For the joint probability of each word in a sequence having a particular value $P(X = w_1, Y = w_2, Z = w_3, \cdots , W = w_n)$ use $P(w_1,w_2, \cdots , w_n)$ .

$\begin{equation*} P(w_1^n) = P(w_1)P(w_2|w_1)P(w_3|w_1^2) \cdots P(w_n|w_1^{n-1}) = \prod_{k=1}^{n}P(w_k|w_1^{k-1}) \end{equation*}$

The intuition of the $n$ -gram model is that instead of computing the probability of a word given its entire history, approximate the history by just the last few words.

Bigram

The bigram model, for example, approximates the probability of a word given all the previous words $P(w_n|w_1^{n-1})$ by using only the conditional probability of the preceding word $P(w_n|w_{n-1})$ .

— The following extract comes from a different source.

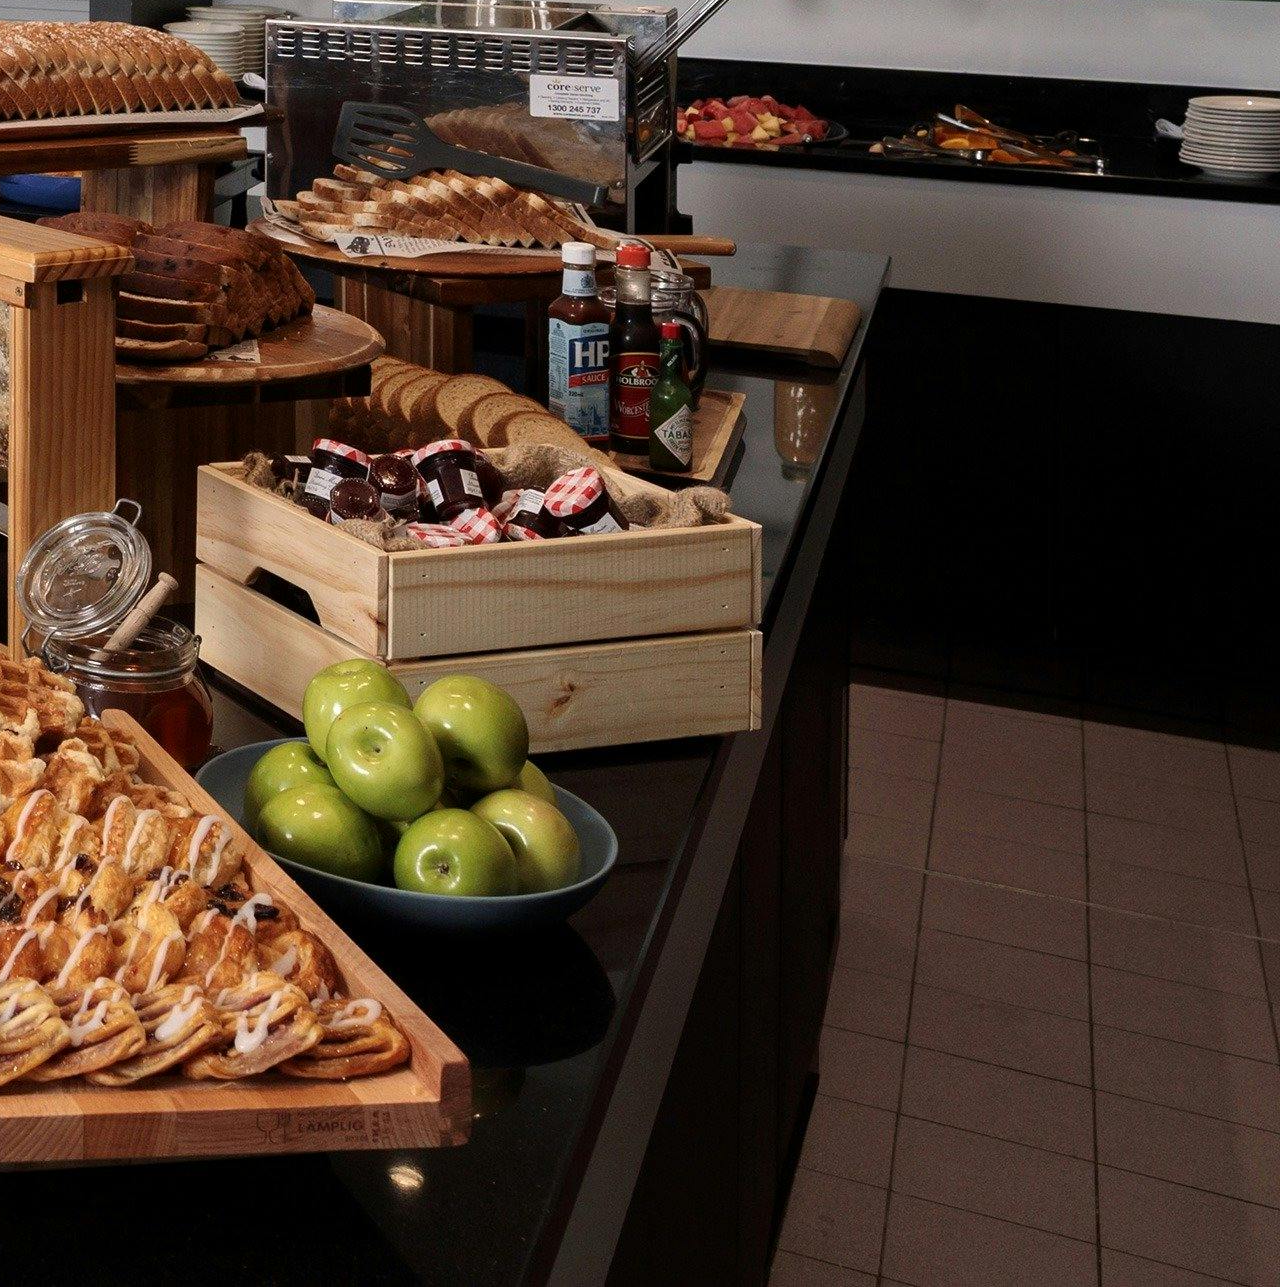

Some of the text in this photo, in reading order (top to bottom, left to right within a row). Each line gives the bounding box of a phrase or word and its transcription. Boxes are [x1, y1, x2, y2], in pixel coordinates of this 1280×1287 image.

$\begin{equation*} P(w_n|w_1^{n-1}) \approx P(w_n|w_{n-1}) \end{equation*}$

This assumption that the probability of a word depends only on the previous word is also called a Markov assumption.

Thus, for a bigram

$\begin{equation*} P(w_1^n) \approx \prod_{k=1}^{n}P(w_k|w_{k-1}) \end{equation*}$

N-gram

The $N$ -gram (which looks $N - 1$ words into the past) approximates the probability as follows

$\begin{equation*} P(w_n|w_1^{n-1}) \approx P(w_n|w_{n-(N-1)}^{n-1}) \end{equation*}$

Parameter Estimation

Maximum Likelihood estimation is used to compute the parameters of an $n$ -gram model. This process involves getting counts from a corpus, and normalizing the counts so that they lie between $0$ and $1$ .

To compute a particular bigram probability of a word $y$ given a previous word $x$ , compute the count of the bigram $C(xy)$ and normalize by the sum of all the bigrams that share the same first word $x$

$\begin{equation*} P(w_n|w_{n-1}) = \frac{C(w_{n-1}w_n)}{\sum_wC(w_{n-1}w)} \end{equation*}$

The sum of all bigram counts that start with a given word $w_{n-1}$ must be equal to the unigram count for that word $w_{n-1}$ .

$\begin{equation*} P(w_n|w_{n-1}) = \frac{C(w_{n-1}w_n)}{C(w_{n-1})} \end{equation*}$

For the general case of MLE $N$ -gram parameter estimation:

$\begin{equation*} P(w_n|w_{n-(N-1)}^{n-1}) = \frac{C(w_{n-(N-1)}^{n-1}w_n)}{C(w_{n-(N-1)}^{n-1})} \end{equation*}$

Perplexity

The perplexity (sometimes called $PP$ for short) of a language model on a test set is the inverse probability of the test set, normalized by the number of words. The higher the conditional probability of the word sequence, the lower the perplexity. Consider the test set $W = w_1w_2 \cdots w_N$ .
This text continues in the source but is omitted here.